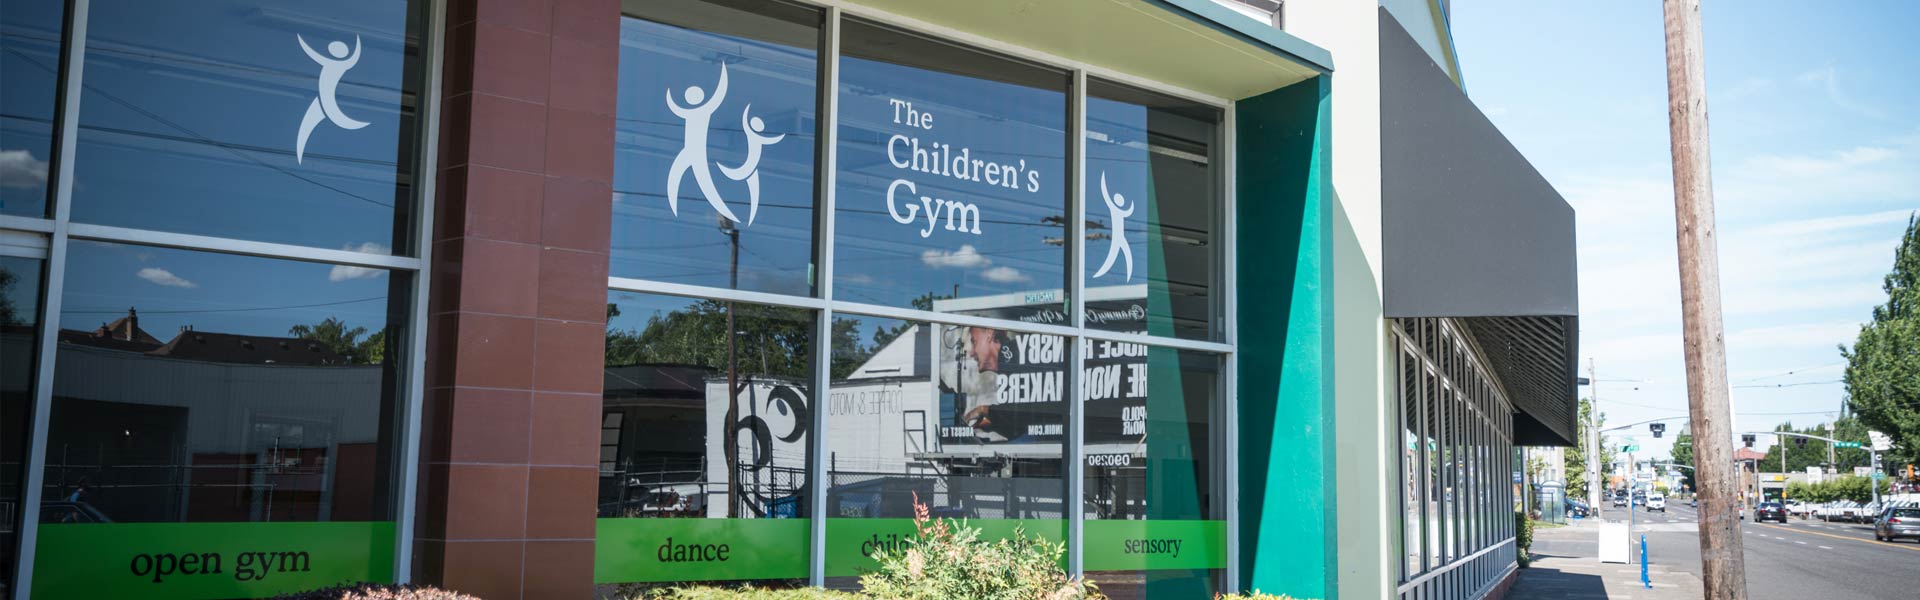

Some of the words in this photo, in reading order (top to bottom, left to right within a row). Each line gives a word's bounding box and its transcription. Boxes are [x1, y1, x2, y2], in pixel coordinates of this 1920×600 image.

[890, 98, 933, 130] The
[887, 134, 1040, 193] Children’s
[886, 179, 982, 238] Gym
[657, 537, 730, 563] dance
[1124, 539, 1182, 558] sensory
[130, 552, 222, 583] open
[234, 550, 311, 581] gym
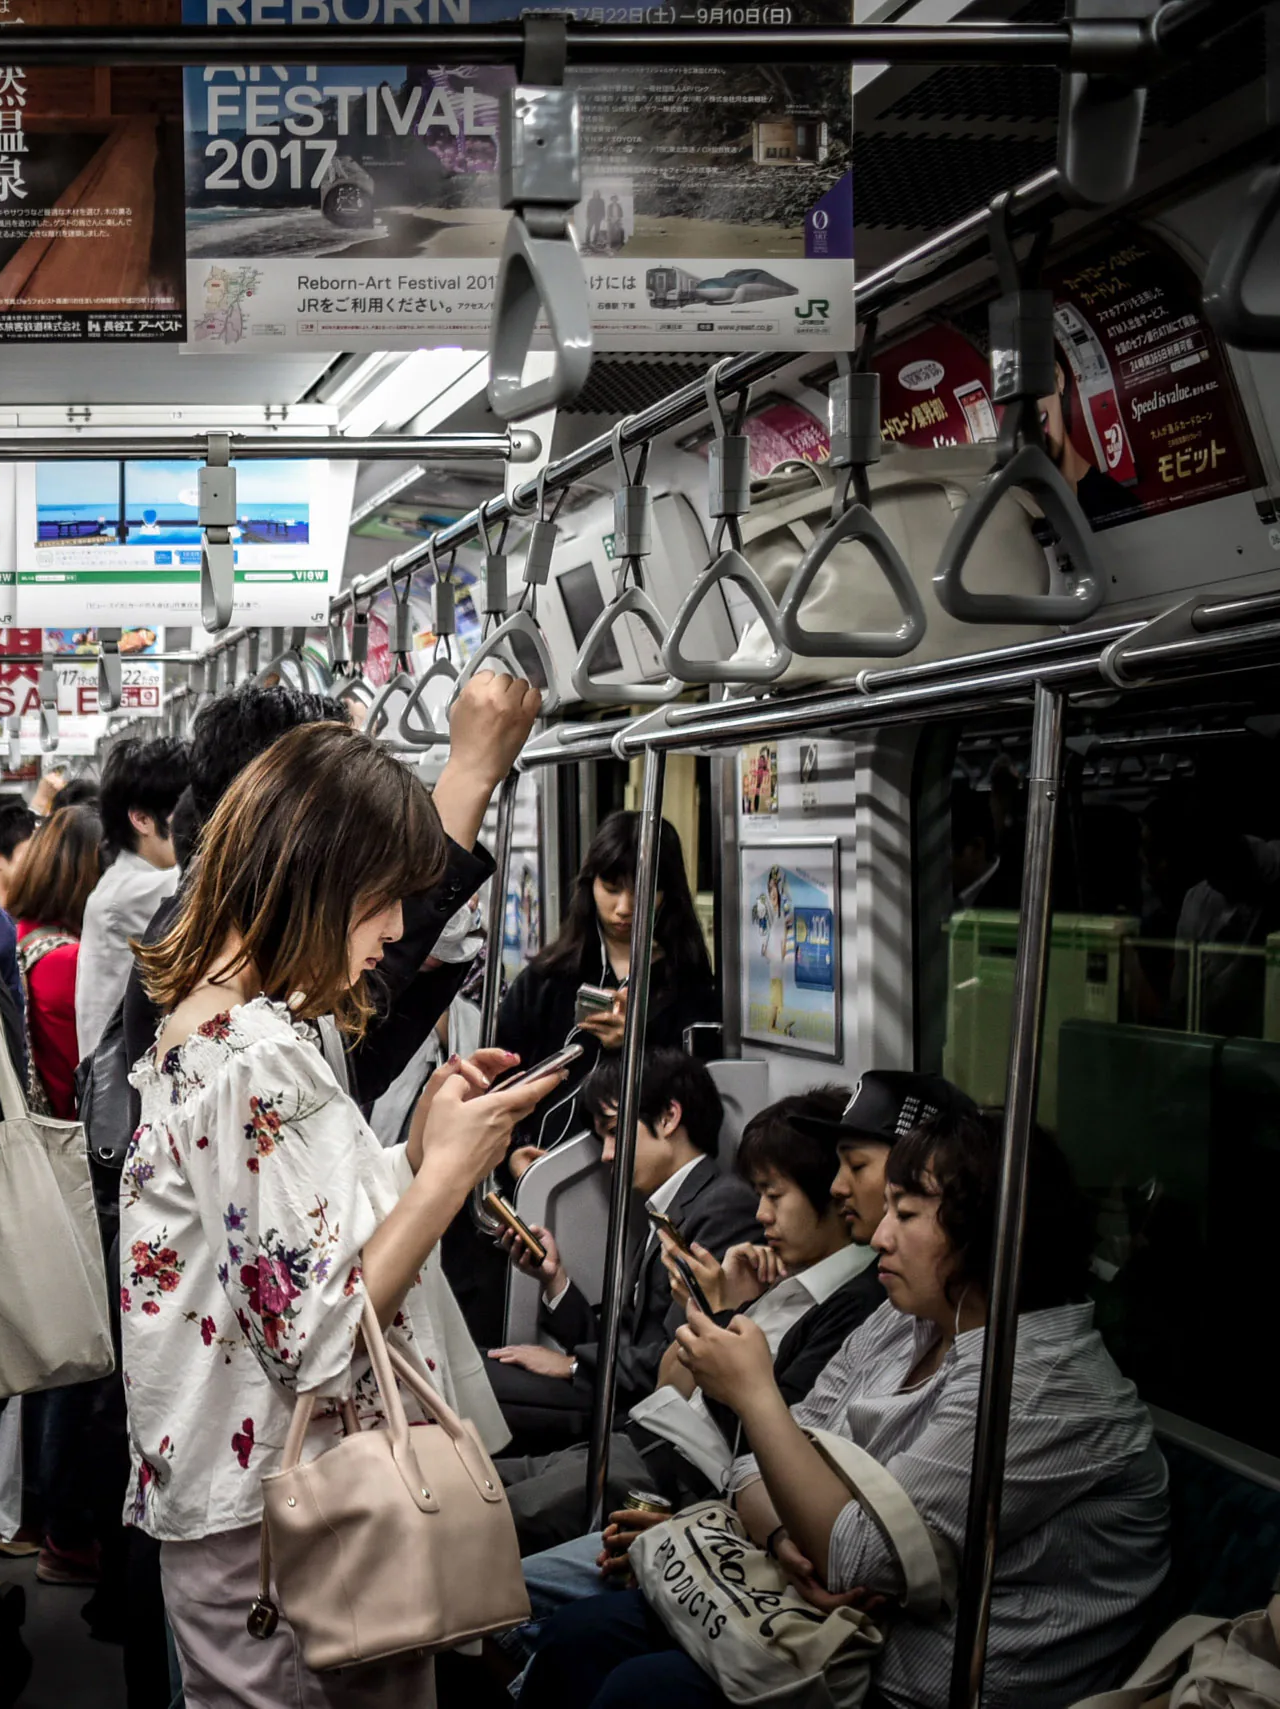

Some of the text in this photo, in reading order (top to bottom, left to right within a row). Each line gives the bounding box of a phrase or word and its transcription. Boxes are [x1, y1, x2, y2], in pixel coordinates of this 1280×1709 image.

========================

→ TASK STATEMENT
Give the listing above again exactly, minus any images.

→ FINISHED TASK
Some of the words in this photo, in reading order (top to bottom, left to right within a row). Each line gives a word's bounding box and its transcription. Boxes are [x1, y1, x2, y2], in pixel coordinates of this 1920×600 image.

[890, 98, 933, 130] The
[887, 134, 1040, 193] Children’s
[886, 179, 982, 238] Gym
[657, 537, 730, 563] dance
[1124, 539, 1182, 558] sensory
[130, 552, 222, 583] open
[234, 550, 311, 581] gym

Some of the text in this photo, in reading order (top to bottom, left to right within a row). Each line gives the bounding box of a phrase or word and its transcription. Boxes are [x1, y1, x2, y2], in pixel coordinates of this 1280×1709 image.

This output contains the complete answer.